* Vaccine hurdles, Fed meeting support euro zone government
bonds
* France to raise 7 billion euros from new green bond
* Greece hires banks for first 30-year bond since 2008
(Adds details)
By Yoruk Bahceli
AMSTERDAM, March 16 (Reuters) - Euro zone government bonds
held ground on Tuesday, as caution set in before a U.S. Federal
Reserve meeting and uncertainty around vaccinations in the bloc
supported safe-haven assets.
Wednesday's Fed meeting is in focus amid expectations that
economic growth and inflation will rebound after U.S. fiscal
stimulus, which has pushed up government bond yields across the
world in recent weeks. The Fed has so been seen as downplaying
those concerns.
Safe-haven euro zone government bonds were also supported by
concerns around the bloc's vaccination efforts -- which already
lag the U.S. and Britain -- after Europe's largest economies
temporarily halted the use of AstraZeneca's
vaccine.
The vaccine currently encompasses around 25% of the vaccines
distributed across the European Union, and 15% of those so far
administered, according to Mizuho analysts.
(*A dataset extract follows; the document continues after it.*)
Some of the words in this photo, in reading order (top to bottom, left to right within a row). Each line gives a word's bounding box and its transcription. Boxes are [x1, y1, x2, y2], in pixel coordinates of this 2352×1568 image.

Uncertainty around the AstraZeneca vaccine rollout "adds to
the general theme that the Eurozone is lagging behind in the
recovery from the pandemic", ING analysts told clients.
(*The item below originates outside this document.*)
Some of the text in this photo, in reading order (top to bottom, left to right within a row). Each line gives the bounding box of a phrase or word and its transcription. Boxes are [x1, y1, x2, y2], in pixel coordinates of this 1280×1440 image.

On Tuesday, Germany's 10-year yield, the benchmark for the
euro area, was down about a basis point at -0.34% at 1228 GMT,
far below the highest since March 2020 around -0.20% touched in
late February. Most other 10-year yields were unchanged to a
touch lower. Bond yields move inversely with prices.
The gap between 10-year German and U.S. Treasury yields --
an indicator that reflects the divergence between safe-haven
assets in the euro area and the United States -- remains just
shy of its highest since February 2020, as U.S. yields have
continued to rise this month while German Bund yields have
fallen.
Italian bonds underperformed, with the 10-year yield up 2
basis points to 0.63%, raising the closely watched risk premium
over German equivalents to 97 basis points.
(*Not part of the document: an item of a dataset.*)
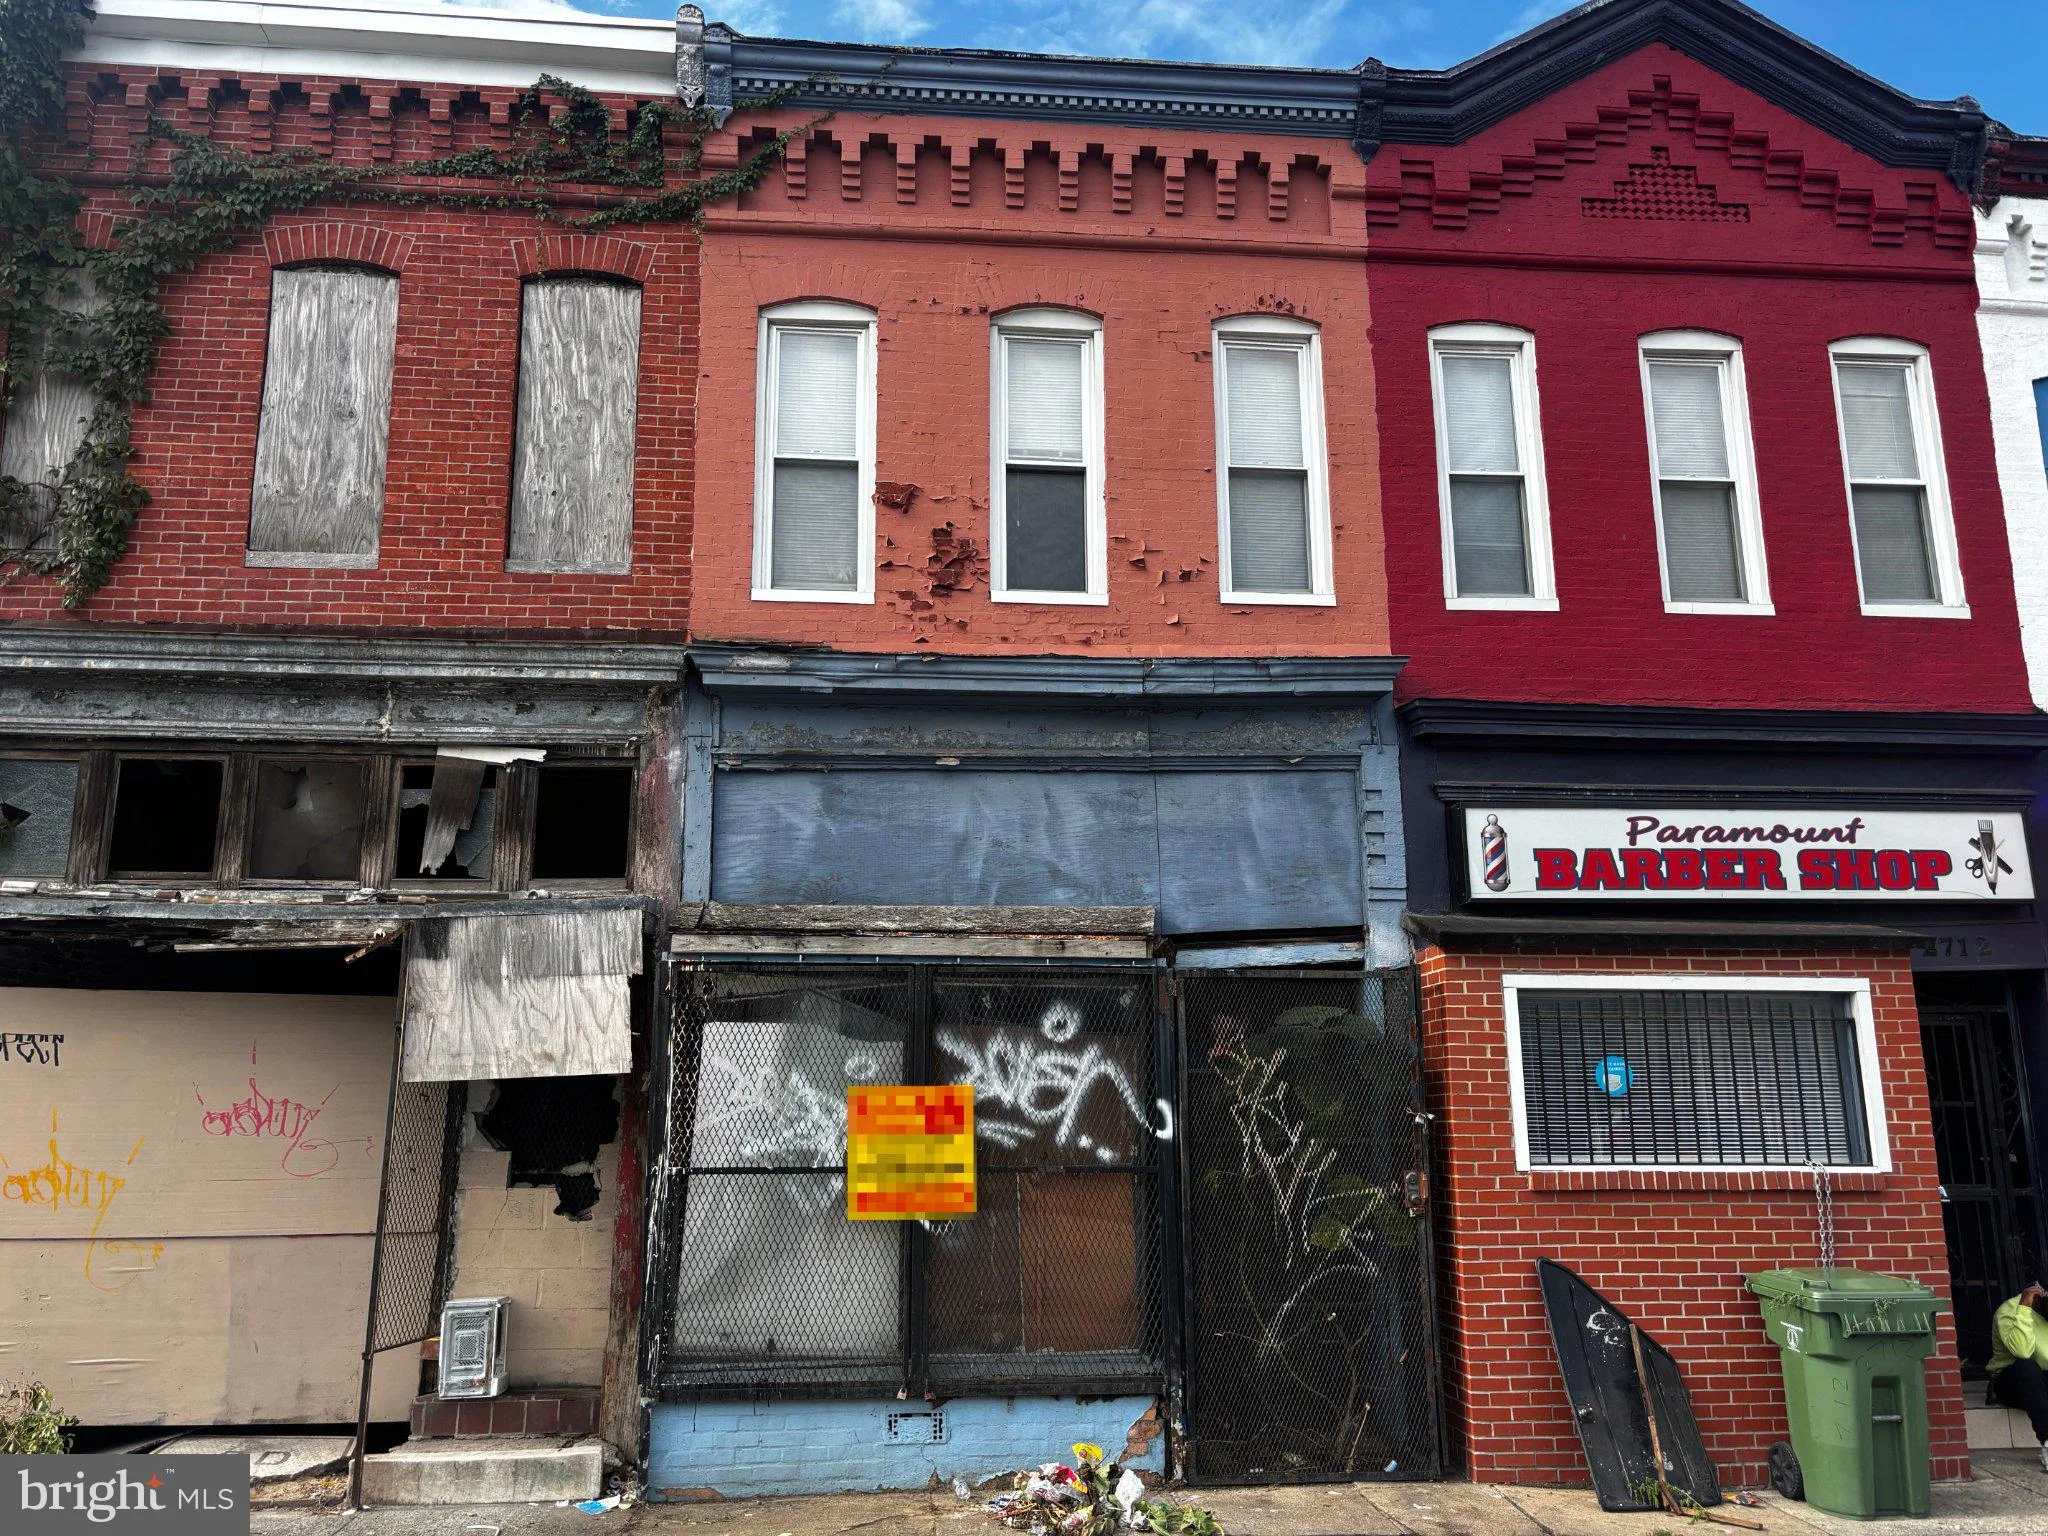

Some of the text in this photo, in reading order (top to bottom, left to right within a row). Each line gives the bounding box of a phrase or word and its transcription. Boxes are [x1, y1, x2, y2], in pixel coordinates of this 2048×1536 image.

[1626, 815, 1866, 847] Paramount
[1534, 847, 1953, 892] BARBER SHOP
Elsewhere, France will raise 7 billion euros from the sale
of its second green bond, which it is selling via a syndicate of
banks, according to memos from three lead managers seen by
Reuters showed.
And Greece hired a syndicate of banks for its first new
30-year bond sale since 2008. The deal will most likely launch
on Wednesday as the debt management office said it would come
"in the near future," a phrase usually used a day before a sale.
There was little reaction to Germany's ZEW economic research
institute survey, which showed investor sentiment in Europe's
leading economy increased more than expected in March.
A large majority of experts also expect inflation to
continue rising, and higher long-term interest rates, ZEW said.